Among the earliest arms control treaties were the LIMITED TEST BAN TREATY (LTBT), an agreement that prohibited nuclear test explosions in the atmosphere, under water, or in space, which was signed in 1963 by the United States, Britain, and the USSR, and the 1972 Biological Weapons Convention, a superpower treaty that banned biological weapons and provided for the destruction of existing stockpiles. The 1972 convention was the first and only example, since 1945, of true disarmament of an entire weapons category. Although negotiation on a comprehensive test ban—an agreement that would prohibit all nuclear testing—continued, this solution remained elusive. Nevertheless, in 1974, the superpowers signed the Threshold Test Ban Treaty (TTBT), which limits nuclear tests to explosive yields of less than 150 kilotons. (A kiloton represents the explosive force of one thousand tons of TNT). But the TTBT did not prevent the superpowers from developing nuclear warheads (the bomb-carrying segments of a nuclear missile) with power exceeding 150 kilotons; warheads on the Soviet SS-17 missile possess as much as a 3.6-megaton capacity. (A megaton equals 1 million tons of TNT.) In 1976, the superpowers signed the Peaceful Nuclear Explosions Treaty (PNET), which banned so-called peaceful nuclear testing.

Numerous arms control agreements have been designed to improve communications between the superpowers. The first of these, coming just after the Cuban Missile Crisis, was the 1963 HOT LINE AGREEMENT, setting up a special telegraph line between Moscow and Washington. In 1978, the hot line was updated by a satellite link between the two superpowers. The United States and the USSR also sought to create protocols designed to prevent an accidental nuclear war. This effort led to the 1971 agreement, Measures to Reduce the Risk of Outbreak of Nuclear War, which required advance warning for any missile tests and immediate notification of any accidents or missile warning alerts.
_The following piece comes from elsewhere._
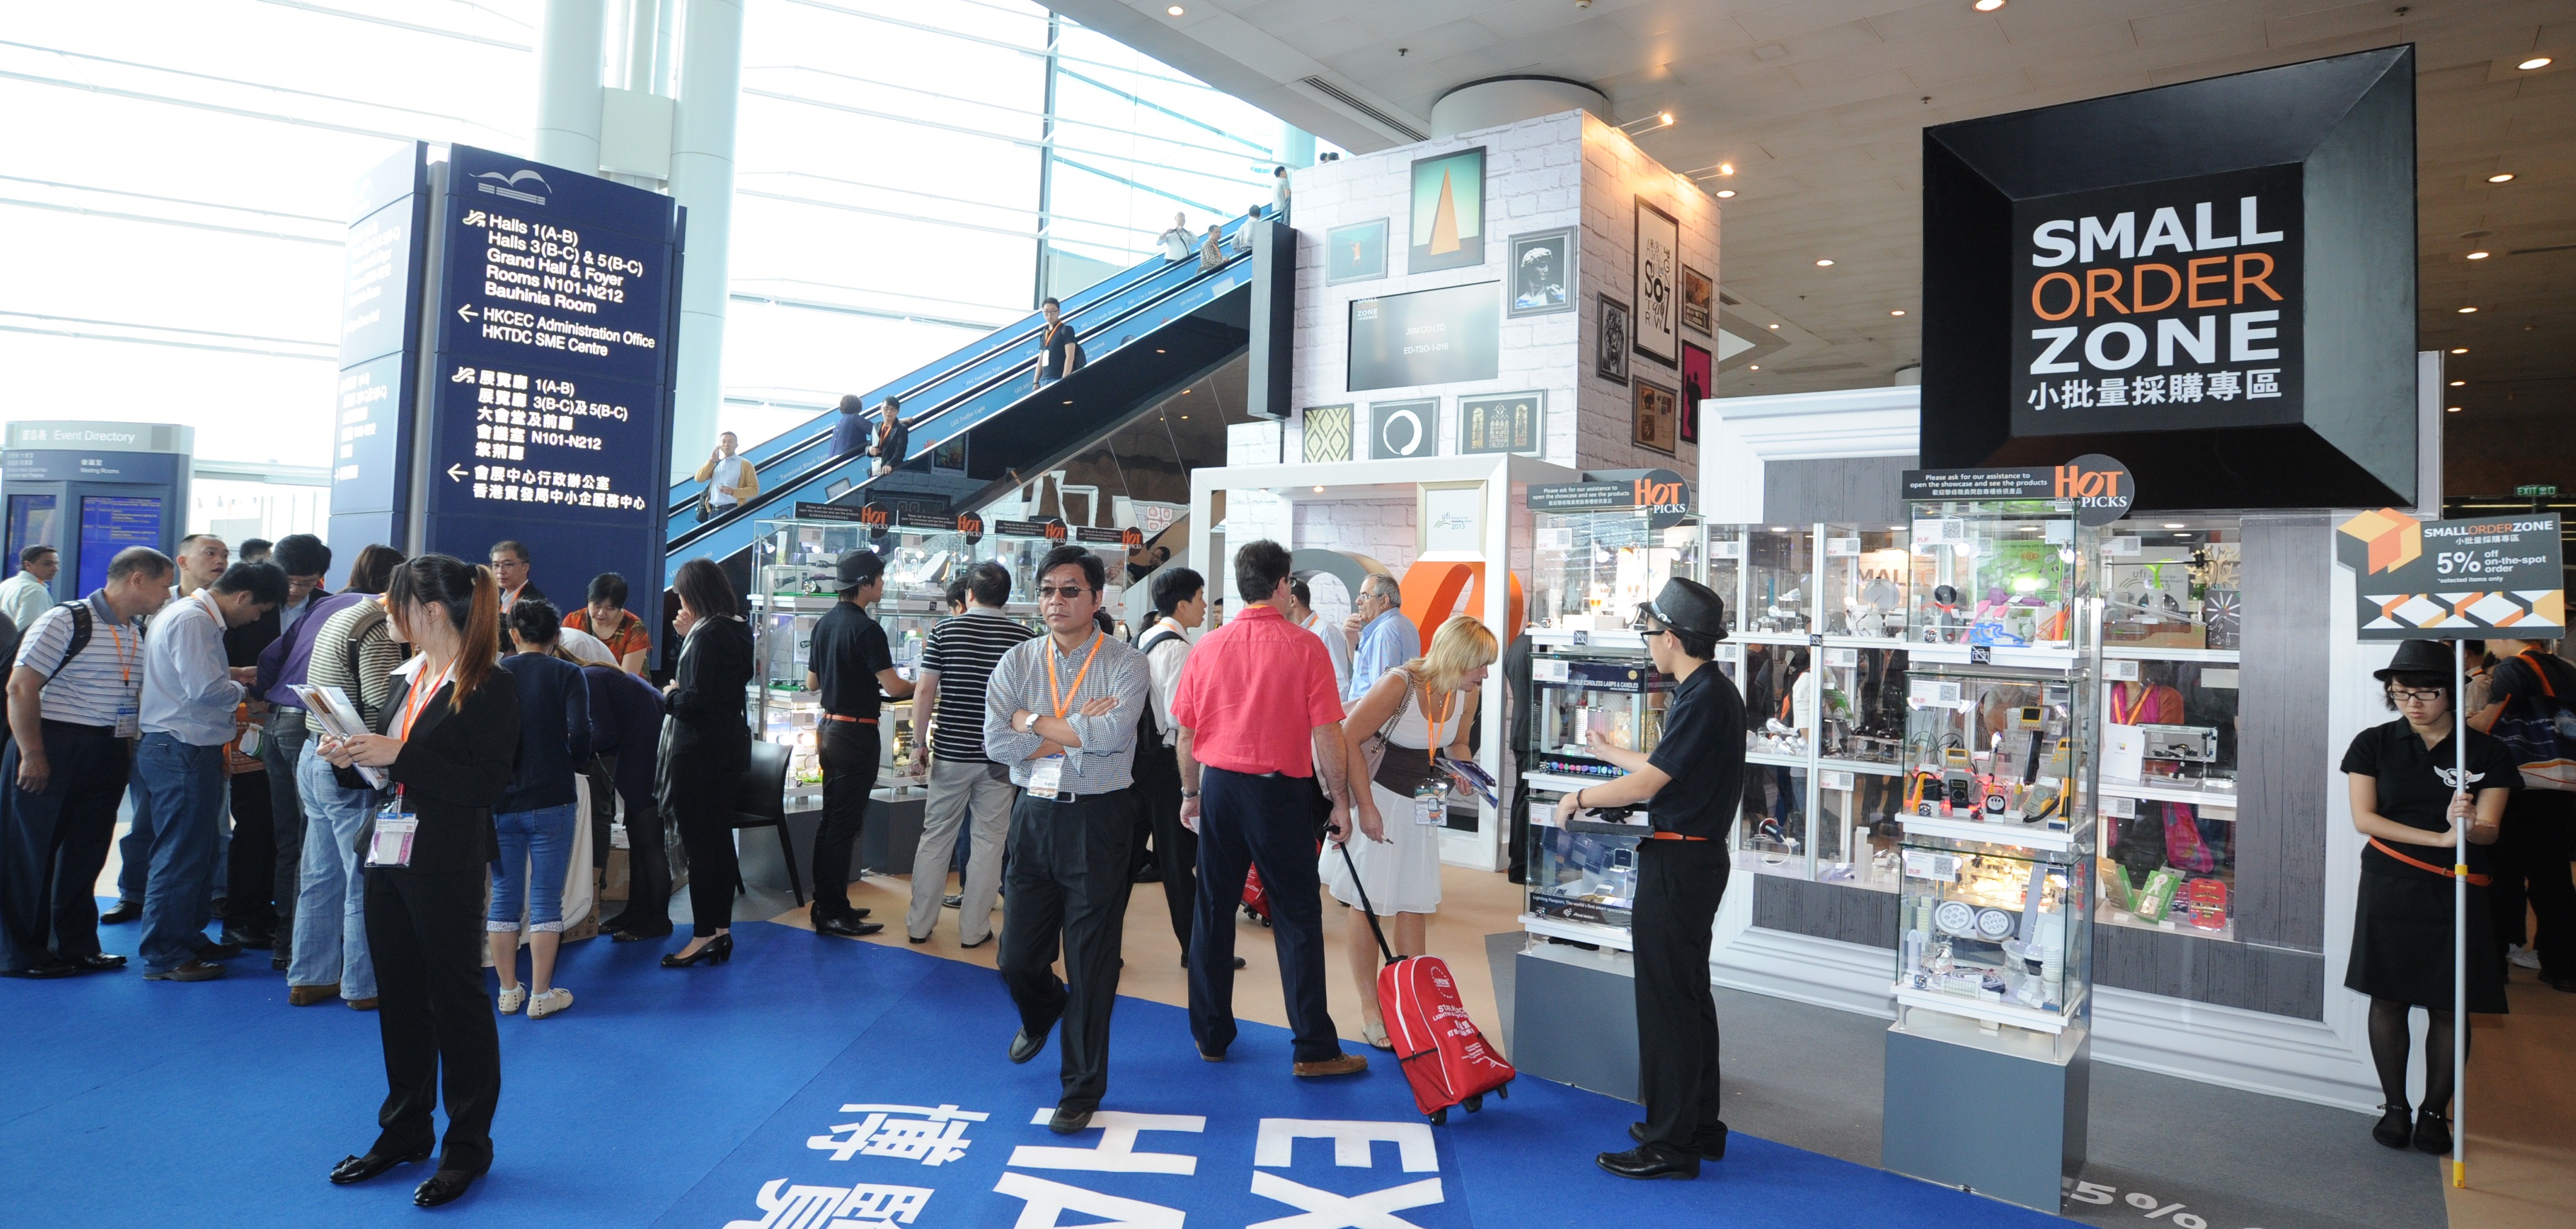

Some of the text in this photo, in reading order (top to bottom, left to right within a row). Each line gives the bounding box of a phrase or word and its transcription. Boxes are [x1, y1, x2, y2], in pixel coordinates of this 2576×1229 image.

One highly celebrated arms control agreement is the 1968 Treaty on the Non-Proliferation of Nuclear Weapons, or Non-Proliferation Treaty, designed to prevent the spread of nuclear weapons to other countries. The agreement involves well over one hundred states. Under it, countries not possessing nuclear weapons give up their right to acquire such weapons, and countries with nuclear weapons waive their rights to export nuclear weapons technology to countries lacking that technology.

Another class of arms control treaties seeks to ban weapons from as-yet-unmilitarized areas. These include the 1959 ANTARCTIC TREATY, which prohibits military bases, maneuvers, and tests on the Antarctic Continent; the 1967 Outer Space Treaty, a ban on the testing or deployment of "weapons of mass destruction" in Earth's orbit or on other bodies in the solar system; the 1967 Tlatelolco Treaty, prohibiting nuclear weapons in Latin America; and the 1971 Seabed Treaty, banning the placement of weapons of mass destruction on or below the seabed.